%%

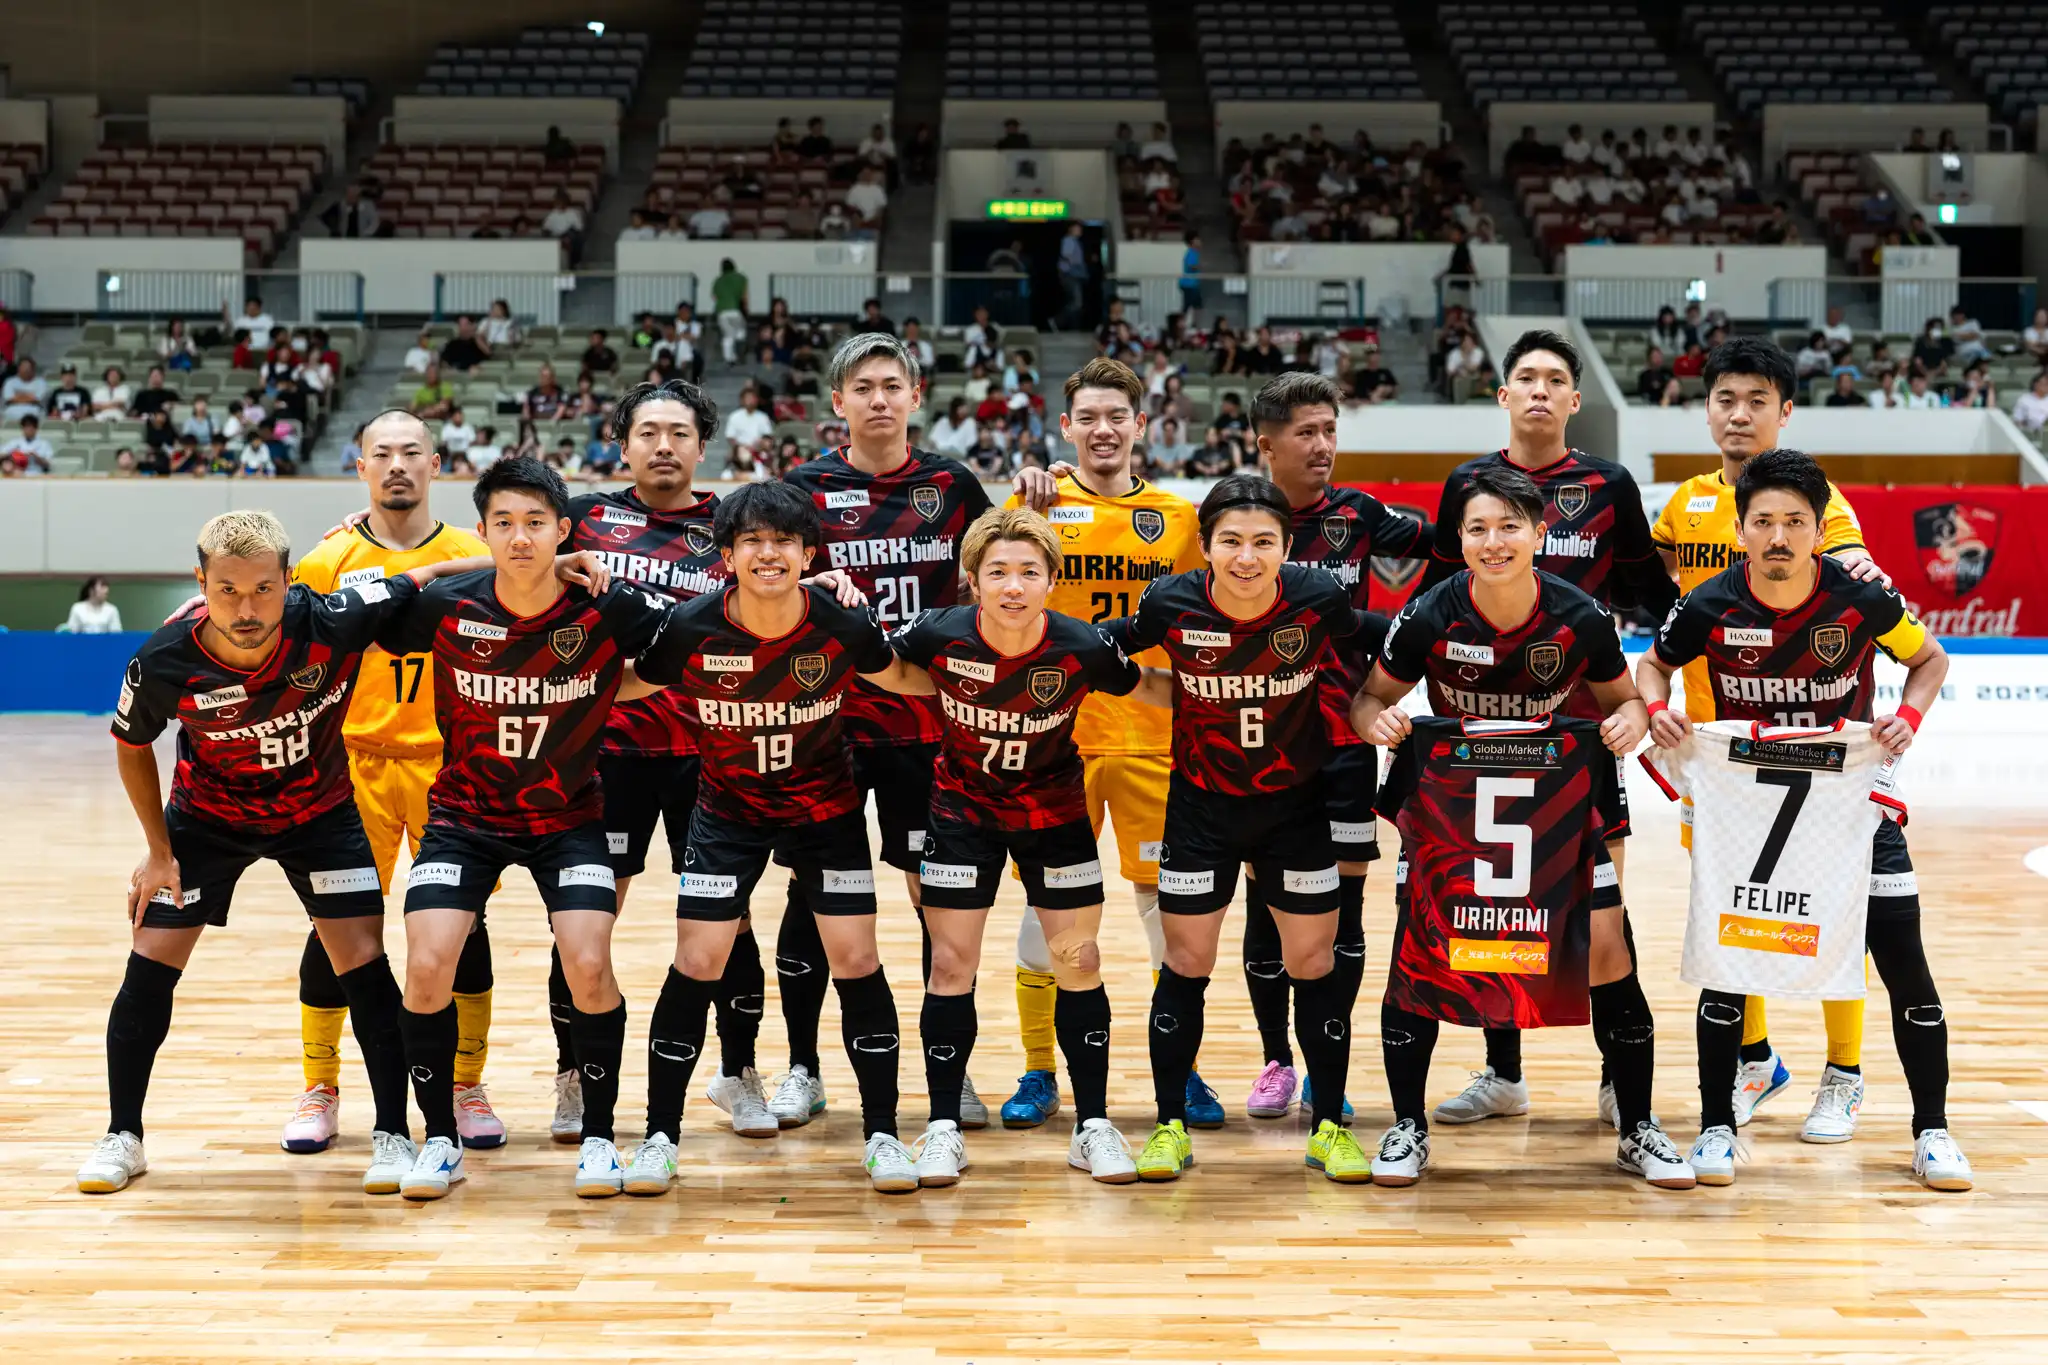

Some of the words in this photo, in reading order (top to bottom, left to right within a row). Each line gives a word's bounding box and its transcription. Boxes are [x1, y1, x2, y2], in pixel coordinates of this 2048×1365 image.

[831, 494, 864, 504] HAZOU
[608, 511, 643, 523] HAZOU
[1053, 511, 1088, 519] HAZOU
[826, 537, 908, 569] BORK
[910, 539, 953, 563] bullet
[1545, 534, 1597, 558] bullet
[344, 571, 379, 585] HAZOU
[1057, 555, 1124, 580] ORK
[875, 575, 920, 621] 20
[1091, 592, 1129, 624] 21
[463, 625, 502, 638] HAZOU
[1188, 632, 1225, 642] HAZOU
[1729, 632, 1766, 642] HAZOU
[709, 658, 747, 667] HAZOU
[1452, 647, 1488, 660] HAZOU
[389, 658, 424, 704] 17
[953, 662, 989, 677] HAZOU
[452, 667, 540, 704] BORK
[543, 673, 597, 704] bullet
[1177, 669, 1265, 699] BORK
[1718, 672, 1807, 703] BORK
[201, 689, 241, 706] HAZOU
[696, 698, 786, 726] BORK
[790, 693, 843, 725] bullet
[1436, 680, 1522, 717] BORK
[939, 688, 1021, 733] BORK
[498, 715, 549, 760] 67
[1240, 707, 1264, 748] 6
[752, 733, 793, 774] 19
[979, 736, 1027, 774] 78
[1473, 743, 1506, 755] Global
[1508, 744, 1542, 756] Market
[1754, 741, 1787, 755] Global
[1789, 745, 1825, 759] Market
[1474, 777, 1535, 897] 5
[1748, 767, 1812, 884] 7
[444, 869, 457, 877] VIE
[926, 868, 945, 876] C'EST
[1163, 876, 1181, 884] C'EST
[1733, 885, 1811, 916] FELIPE
[1454, 906, 1548, 932] URAKAMI

%%

**Task prompt**: Retype the data word for word, please, and keep the images out.

**The answer**:
Some of the words in this photo, in reading order (top to bottom, left to right within a row). Each line gives a word's bounding box and its transcription. Boxes are [x1, y1, x2, y2], in pixel coordinates of this 2048×1365 image.

[831, 494, 864, 504] HAZOU
[608, 511, 643, 523] HAZOU
[1053, 511, 1088, 519] HAZOU
[826, 537, 908, 569] BORK
[910, 539, 953, 563] bullet
[1545, 534, 1597, 558] bullet
[344, 571, 379, 585] HAZOU
[1057, 555, 1124, 580] ORK
[875, 575, 920, 621] 20
[1091, 592, 1129, 624] 21
[463, 625, 502, 638] HAZOU
[1188, 632, 1225, 642] HAZOU
[1729, 632, 1766, 642] HAZOU
[709, 658, 747, 667] HAZOU
[1452, 647, 1488, 660] HAZOU
[389, 658, 424, 704] 17
[953, 662, 989, 677] HAZOU
[452, 667, 540, 704] BORK
[543, 673, 597, 704] bullet
[1177, 669, 1265, 699] BORK
[1718, 672, 1807, 703] BORK
[201, 689, 241, 706] HAZOU
[696, 698, 786, 726] BORK
[790, 693, 843, 725] bullet
[1436, 680, 1522, 717] BORK
[939, 688, 1021, 733] BORK
[498, 715, 549, 760] 67
[1240, 707, 1264, 748] 6
[752, 733, 793, 774] 19
[979, 736, 1027, 774] 78
[1473, 743, 1506, 755] Global
[1508, 744, 1542, 756] Market
[1754, 741, 1787, 755] Global
[1789, 745, 1825, 759] Market
[1474, 777, 1535, 897] 5
[1748, 767, 1812, 884] 7
[444, 869, 457, 877] VIE
[926, 868, 945, 876] C'EST
[1163, 876, 1181, 884] C'EST
[1733, 885, 1811, 916] FELIPE
[1454, 906, 1548, 932] URAKAMI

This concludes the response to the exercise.